Living with the financial impact of systemic vasculitis

This page is about:
  • Financial insecurity with systemic vasculitis
  • The financial impact of systemic vasculitis on couples and families
  • Financial security and making ends meet with systemic vasculitis
  • Meeting extra costs of systemic vasculitis treatment

Financial insecurity with systemic vasculitis

Among those who spoke to us about money matters, Holly and Marie were seriously affected by financial insecurity.

Housing and disability benefits gave Holly a “very, very tight budget,” even for essentials.

Vasculitis and fibromyalgia cost Marie her house and her job. She discussed uncertainties about her financial future with a wellbeing service.

People who were unable to work as a result of vasculitis could apply for disability benefits and retirement on medical grounds. We heard repeatedly that it is not easy to navigate these systems or have a successful outcome; Jane X has even been put off trying.

Sharon has vasculitis and a kidney transplant but couldn’t get medical retirement. She now lives with “restricted finance.”

Jane X doesn’t think the benefits system is set up to understand illnesses like vasculitis.

It was common for people who receive benefits as a result of vasculitis to tell us that:
  • There is too long a gap between applying for a benefit and getting a decision
  • Application processes are difficult to navigate and often make people feel judged unfairly
  • Getting a benefit is no guarantee that they will continue to get it in the future
Dawn had to keep working full-time, as she couldn’t get a benefit that would allow her to cut her hours. It was a big help when occupational health helped her get paid time off for appointments. Wendy had “a very scary period” when her sick pay ran out before her medical retirement was agreed. Holly is still paying off an overdraft debt she ran up in the eighteen months it took her to get financial benefits approved.
Gail worries every time her disability benefit entitlement is reassessed that her adapted car might be taken away. Melissa is used to showing people what she is able to do and how she can be independent. However, when she applies for support, she feels that people are “judging” her; “it’s sort of this complete flipside that suddenly you’re trying to focus on all of these things that you can’t do. And that’s emotionally draining.”

The financial impact of systemic vasculitis on couples and families

People with families told us it was important they were provided for.

As Grant was working for himself when he was ill with vasculitis, he had to keep going to pay the bills.

With medical retirement for vasculitis, Lynn could contribute to her family’s financial stability.

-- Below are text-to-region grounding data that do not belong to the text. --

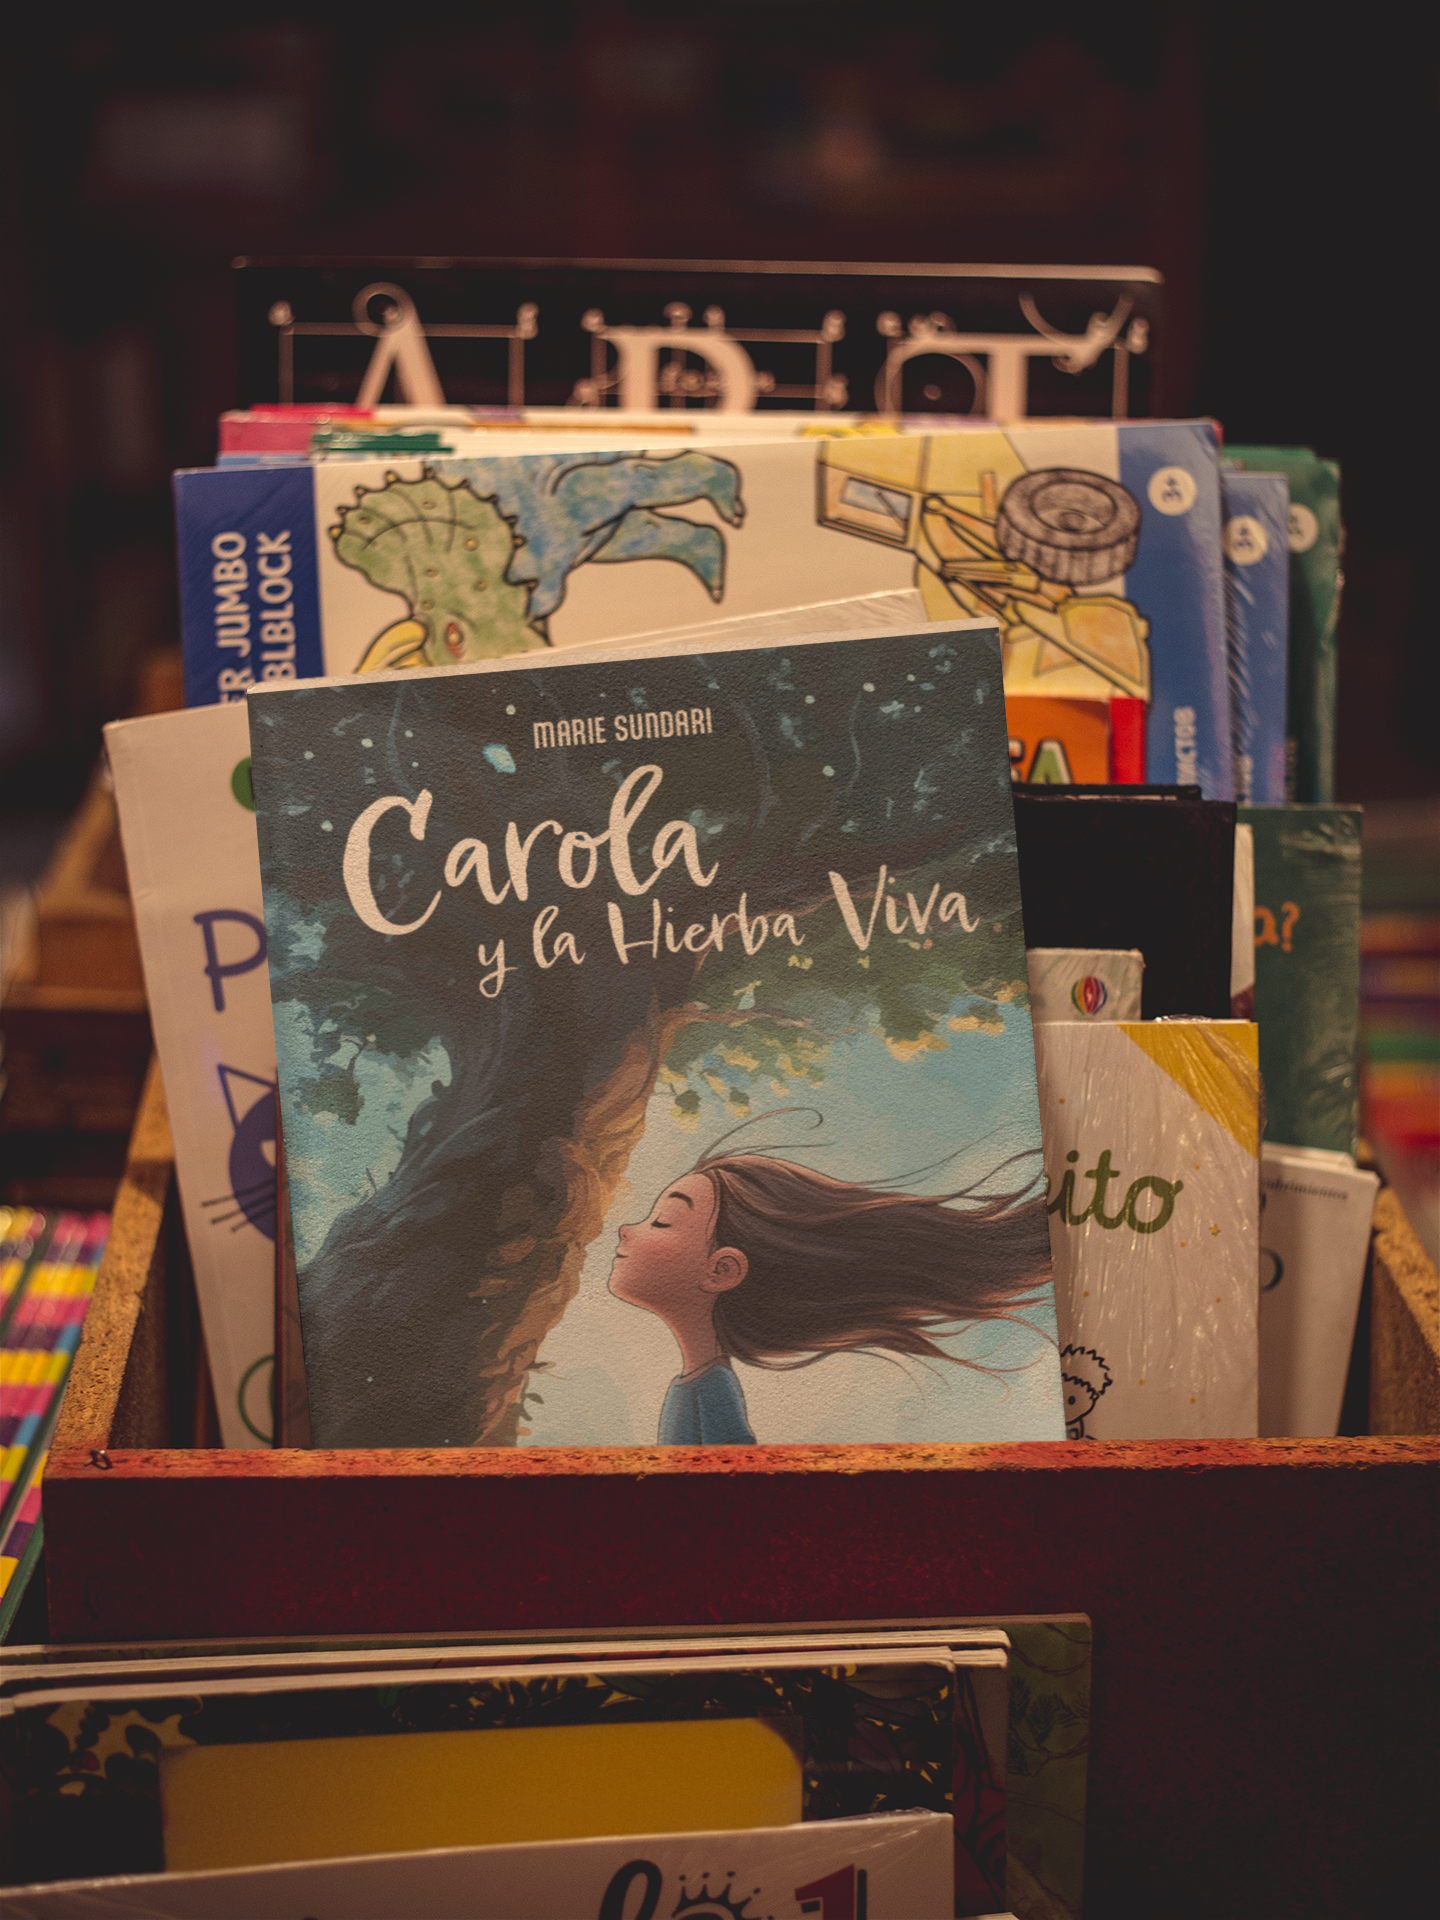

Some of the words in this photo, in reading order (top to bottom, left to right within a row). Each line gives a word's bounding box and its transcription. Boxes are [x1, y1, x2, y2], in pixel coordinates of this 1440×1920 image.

[211, 531, 252, 658] JUMBO
[256, 530, 298, 682] BLBLOCK
[533, 716, 607, 749] MARIE
[614, 707, 713, 742] SUNDARI
[342, 764, 719, 935] Carola
[193, 908, 267, 1013] P
[478, 938, 518, 998] y
[532, 905, 586, 969] la
[607, 892, 785, 965] Hierba
[828, 864, 981, 951] Viva
[1047, 1149, 1184, 1234] ito

People with a partner who told us about financial implications of vasculitis often said that they address these as a couple. Diane and her husband had always dreamed about building a house but “I cut my hours in half, so my salary was obviously cut in half. I was out of work for three years so that had a huge impact on the finances.” Mo was “lucky who I fell in love with and married, so [laughs] he’s given me the financial security. Dean’s wife continues to work full-time while he gets a “bare minimum” in benefits; he feels she should get financial recognition for being his carer.

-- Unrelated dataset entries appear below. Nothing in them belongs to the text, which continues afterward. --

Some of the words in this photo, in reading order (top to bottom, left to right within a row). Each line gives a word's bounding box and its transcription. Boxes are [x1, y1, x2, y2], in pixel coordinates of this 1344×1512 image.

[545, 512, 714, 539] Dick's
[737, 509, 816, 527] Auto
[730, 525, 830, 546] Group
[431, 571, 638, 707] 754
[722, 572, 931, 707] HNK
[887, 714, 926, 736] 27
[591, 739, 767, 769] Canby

Dean can’t work due to vasculitis. He would like to know if he is entitled to more financial support.

When Holly went through a long process to get disability benefits, her mother “gave me as much money as she could at the time” but this was not easy as she was “a one-person household, one income.” Melissa’s parents “have put huge monetary cost into my healthcare and my social care” which has “completely changed their lives.” This included retiring early and buying a caravan when she went away to university so they could stay nearby and continue caring for her.

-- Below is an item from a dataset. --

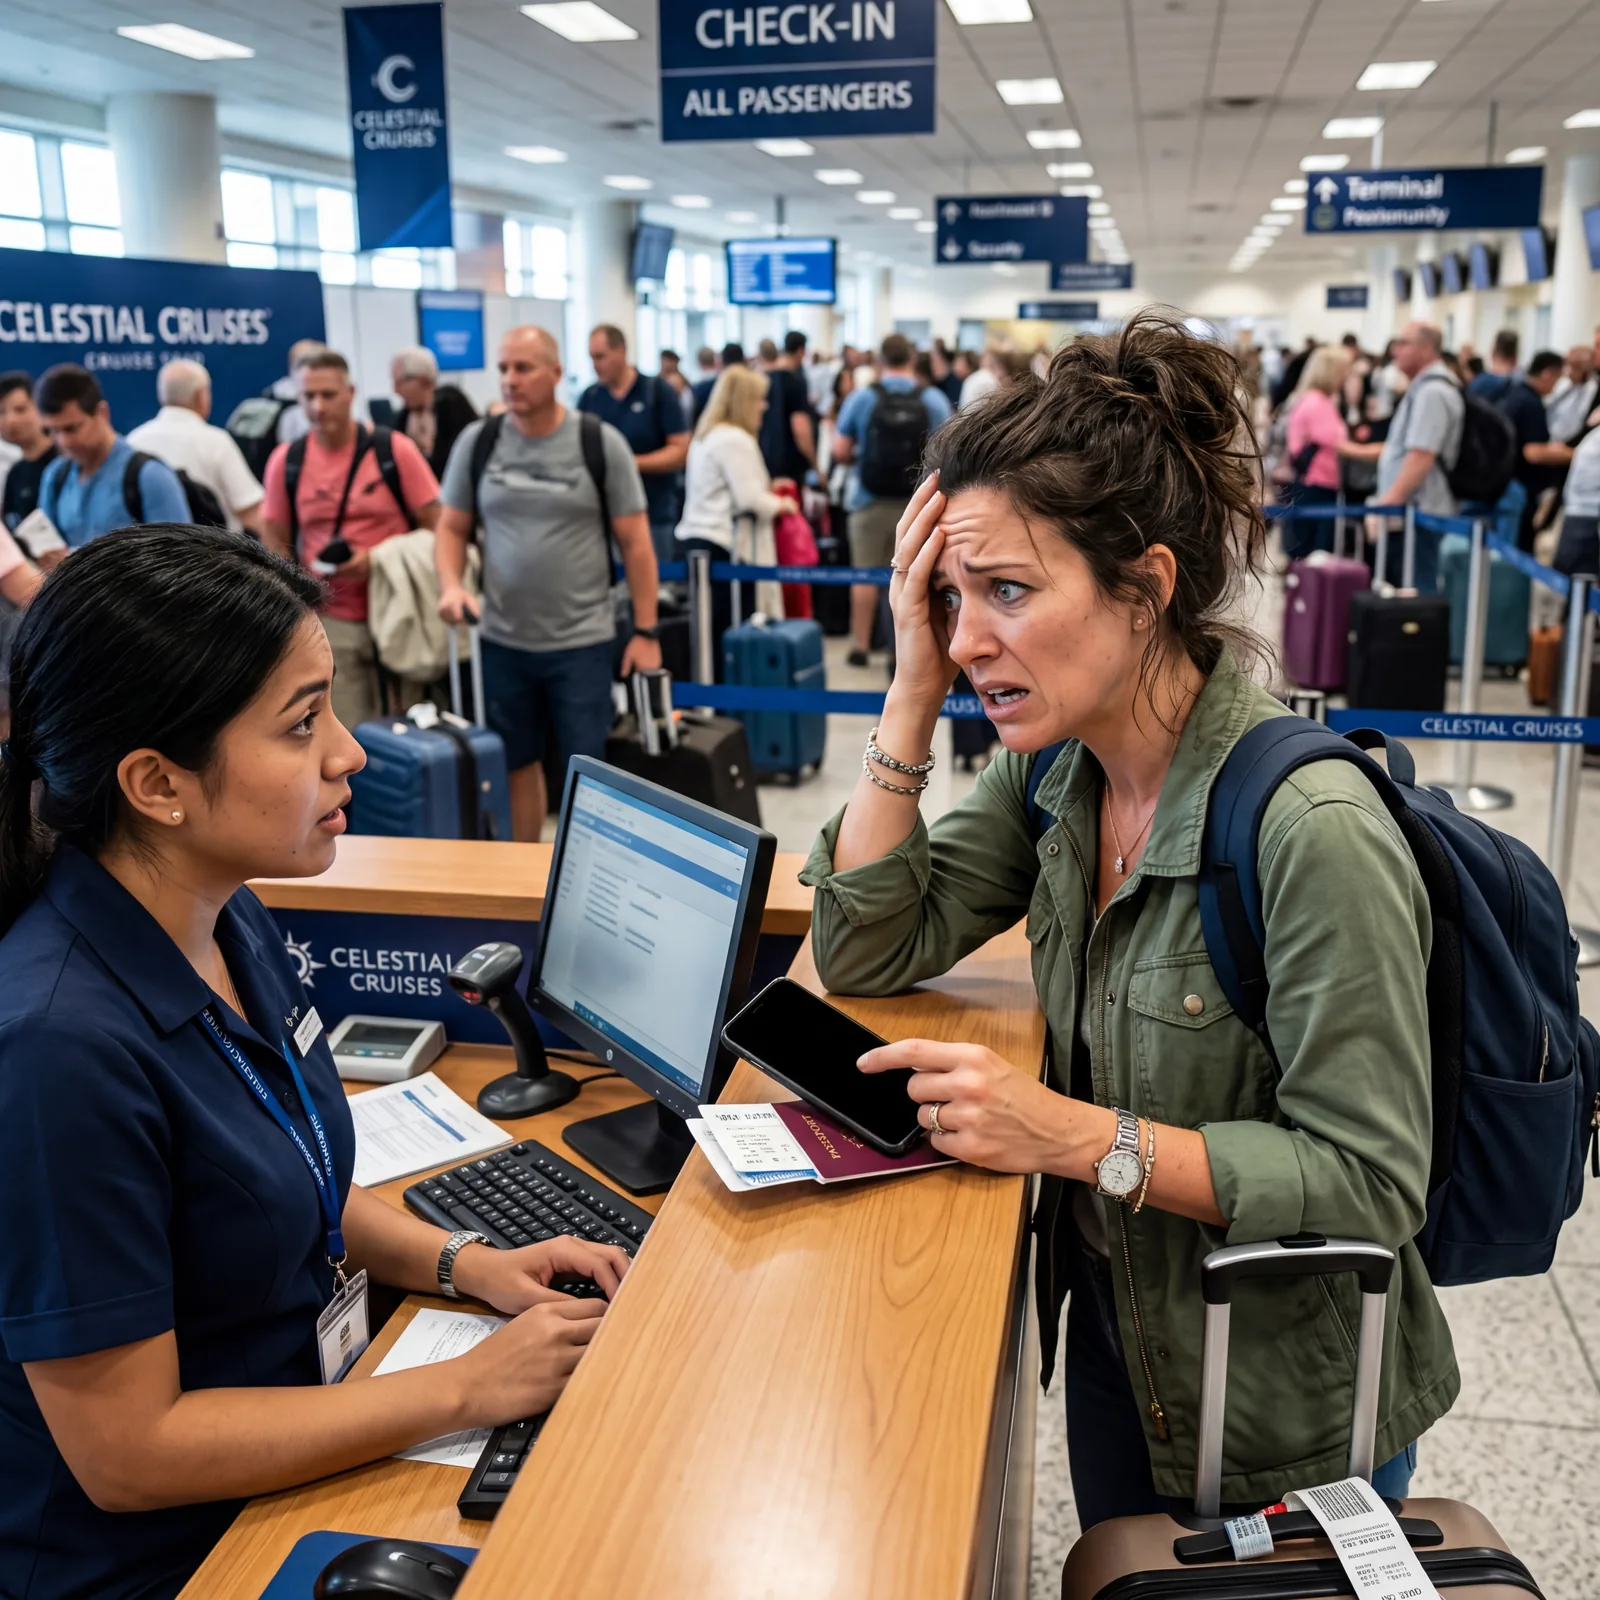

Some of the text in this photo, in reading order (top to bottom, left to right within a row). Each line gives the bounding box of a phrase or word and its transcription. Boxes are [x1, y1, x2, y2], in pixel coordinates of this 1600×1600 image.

Financial security and making ends meet with systemic vasculitis

Some people we spoke to felt financially secure in spite of having vasculitis. They commonly described themselves as lucky to have savings or a good pension when vasculitis struck.

Karen is relieved that she hasn’t had to worry about her finances while living with vasculitis.

Being financially secure allowed people to do things they wanted. Steve feels “tremendously privileged and fortunate” to support vasculitis charities. As well as paying for a personal trainer, Karen hired an electric bike so she could still go cycling with friends.
Although Sharon gets benefits, this is “nowhere near what our combined incomes would have been on a monthly basis.” As a result, she and her husband looked at their spending priorities and how they could live within their new budget. They upcycle, go camping, and take advantage of the cheapest times to go out for lunch or to the cinema.

Meeting extra costs of systemic vasculitis treatment

Sometimes the NHS can help with travel costs, depending on where people live in the UK. Isabella is on an island so had to travel to the mainland for chemotherapy treatment. Her health board covered the plane fare and money towards accommodation costs. Diane lives in Northern Ireland and sees a vasculitis specialist in England. At first she paid for her travel, but then found out her consultant could apply for travel costs and money towards accommodation and meals.
People who need extra equipment may get help from local authorities or charities, but sometimes pay themselves. Melissa’s GP referred her to NHS wheelchair services. However, the one they offered her was heavy, not easy to get in and out of the car and meant she couldn’t push herself. Instead, they gave her a “tiny” sum to put towards a more suitable wheelchair.

Melissa needed a wheelchair to be independent with vasculitis. She paid for it by applying to charities.